The threat of EU fines is not the main issue. Yet if they persuade Whitehall and the mayor into taking real action we might one day look back and be grateful that it was these fines, or the threat of them, that finally tackled the killer of air pollution.

This article first appeared in The Guardian

No accounting for Boris Johnson

The mayor of London made many promises about changing the way the city is governed, but nothing has materialised

“If elected, I will aim to create a different style of government at city hall by introducing a series of measures designed to make my mayoralty more accountable.” So said Boris Johnson in his election pledges. He even issued a special election manifesto dedicated solely to improving accountability of the mayor of London. Close followers of London politics will recall the brouhaha in the run-up to the May 2008 elections about a secretive mayoralty, with cronyism embedded (and worse, it was suggested) under Ken Livingstone.

Two years on it is time to wake up and smell the coffee. Johnson has been keen to cover his tracks. The Conservatives have even tried to prevent people checking what has been promised by shutting down the relevant websites and deleting the 2008 election manifestos. Fortunately the Liberal Democrats saved copies, and the promises made by London’s mayor are still in the public domain.

Alas, Johnson’s bold claims to change how London is governed have proved to be largely fanciful. The specific promise to introduce a cabinet system at city hall – an idea introduced by Livingstone, but afterwards abandoned by him – was quickly dropped, despite my constant probing. (Johnson explains his change of mind here). Just how key decisions are debated among the mayor and his advisers remains a mystery.

The mayor has also stopped holding regular press conferences at city hall, unlike his predecessor. Johnson’s approach to the media is literally to keep moving – if they have to chase him around as he undertakes one photo-op after another, he knows he can avoid tough questions. Posing for photos for the local newspaper is a lot easier than being questioned by a political journalist on your record of delivery on complex transport, housing and policing issues. This evasiveness is well-documented.

Even where he is legally required to come and answer questions – in front of the London assembly once a month – he reveals a shocking lack of respect for accountability to Londoners. This month’s questioning on the big tax-and-spend decisions by the mayor marked a new low in evasiveness, as even Tory members privately acknowledged.

At the monthly mayor’s question time, Johnson makes a deliberate point of repeating the question that has been submitted to him as a way of eating into the time allocated to assembly members to ask supplementary questions. He also has a poor record of answering written questions submitted by London assembly members. Two written questions asked by the assembly member Caroline Pidgeon about Shepherd’s Bush tube station have still not been answered, although the deadline was 1 February. This is far from an isolated example.

So what should be done?

First, stick to the promises made: a proper cabinet system, with mayoral advisers to come once a month, or as often as needed, to the assembly. Johnson should attend subject committees like transport when requested. He should give prompt, full and factual answers to members’ enquiries.

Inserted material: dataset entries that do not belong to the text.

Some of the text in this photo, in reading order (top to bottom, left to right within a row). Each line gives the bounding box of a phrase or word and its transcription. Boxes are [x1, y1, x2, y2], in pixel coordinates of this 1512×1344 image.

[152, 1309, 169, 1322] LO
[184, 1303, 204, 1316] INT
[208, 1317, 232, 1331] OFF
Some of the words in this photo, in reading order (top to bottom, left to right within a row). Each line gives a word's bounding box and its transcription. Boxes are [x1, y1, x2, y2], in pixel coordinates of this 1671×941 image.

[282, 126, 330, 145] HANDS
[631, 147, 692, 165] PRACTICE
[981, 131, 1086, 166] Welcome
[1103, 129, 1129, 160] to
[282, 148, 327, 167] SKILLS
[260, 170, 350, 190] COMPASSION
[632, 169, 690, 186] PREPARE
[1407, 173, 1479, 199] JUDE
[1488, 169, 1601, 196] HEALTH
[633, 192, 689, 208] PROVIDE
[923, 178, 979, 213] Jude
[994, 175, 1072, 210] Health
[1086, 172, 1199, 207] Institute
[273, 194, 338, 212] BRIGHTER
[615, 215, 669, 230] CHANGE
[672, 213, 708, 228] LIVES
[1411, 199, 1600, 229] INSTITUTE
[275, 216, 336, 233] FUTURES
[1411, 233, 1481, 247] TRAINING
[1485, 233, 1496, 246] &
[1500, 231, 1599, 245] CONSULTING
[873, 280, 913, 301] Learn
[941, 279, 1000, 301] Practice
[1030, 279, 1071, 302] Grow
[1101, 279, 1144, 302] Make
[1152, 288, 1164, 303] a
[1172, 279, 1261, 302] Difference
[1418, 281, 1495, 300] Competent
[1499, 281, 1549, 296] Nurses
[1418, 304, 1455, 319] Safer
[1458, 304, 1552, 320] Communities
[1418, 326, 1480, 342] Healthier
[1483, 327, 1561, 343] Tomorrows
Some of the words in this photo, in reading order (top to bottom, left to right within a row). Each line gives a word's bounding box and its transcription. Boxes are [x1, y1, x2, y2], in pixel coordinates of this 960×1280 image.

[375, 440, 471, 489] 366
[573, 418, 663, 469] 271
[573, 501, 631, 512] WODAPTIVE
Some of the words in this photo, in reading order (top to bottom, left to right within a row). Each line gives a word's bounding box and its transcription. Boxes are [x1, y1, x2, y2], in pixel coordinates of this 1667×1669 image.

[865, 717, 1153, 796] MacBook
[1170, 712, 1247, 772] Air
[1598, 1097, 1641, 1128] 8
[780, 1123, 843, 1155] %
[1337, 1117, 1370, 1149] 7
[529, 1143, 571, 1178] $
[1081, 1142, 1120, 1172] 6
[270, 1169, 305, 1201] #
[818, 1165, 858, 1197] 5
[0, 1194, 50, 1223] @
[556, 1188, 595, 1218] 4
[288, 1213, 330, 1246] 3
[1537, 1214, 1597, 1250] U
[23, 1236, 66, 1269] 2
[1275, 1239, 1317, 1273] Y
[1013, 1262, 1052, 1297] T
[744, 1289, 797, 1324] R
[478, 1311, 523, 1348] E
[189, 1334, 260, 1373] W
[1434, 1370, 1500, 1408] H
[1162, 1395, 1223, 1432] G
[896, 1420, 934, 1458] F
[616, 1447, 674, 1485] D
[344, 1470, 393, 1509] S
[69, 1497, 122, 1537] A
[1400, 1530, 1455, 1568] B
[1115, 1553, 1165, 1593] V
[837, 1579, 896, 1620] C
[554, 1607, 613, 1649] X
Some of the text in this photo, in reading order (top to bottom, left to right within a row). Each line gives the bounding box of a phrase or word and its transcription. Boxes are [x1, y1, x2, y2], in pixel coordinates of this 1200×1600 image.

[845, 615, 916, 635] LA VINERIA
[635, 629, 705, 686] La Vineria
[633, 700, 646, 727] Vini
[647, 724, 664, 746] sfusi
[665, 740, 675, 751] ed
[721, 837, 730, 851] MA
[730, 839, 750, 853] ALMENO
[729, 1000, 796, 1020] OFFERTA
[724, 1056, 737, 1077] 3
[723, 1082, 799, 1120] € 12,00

Second, new levels of accountability: hold mayoral planning meetings in public. Put formal strategies to the vote of assembly members. Consult the public about fare rises – which cost Londoners 20 times more than council tax changes.

Third, change the law to open up government: abolish the government office for London and devolve power and money to London. But at the same time give more powers over spending to the assembly. Budget spending and tax levels should require majority approval. There should be a line-item veto, like the one enjoyed by Congress in the United States, with powers to burrow into the mayor’s £13bn expenditure across the police, fire, transport and economic development.

Immense power rests in the hands of one person, and real checks and balances must operate. This kind of strong governance ultimately leads to good decisions and a better quality of life for Londoners.

This article first appeared in The Guardian.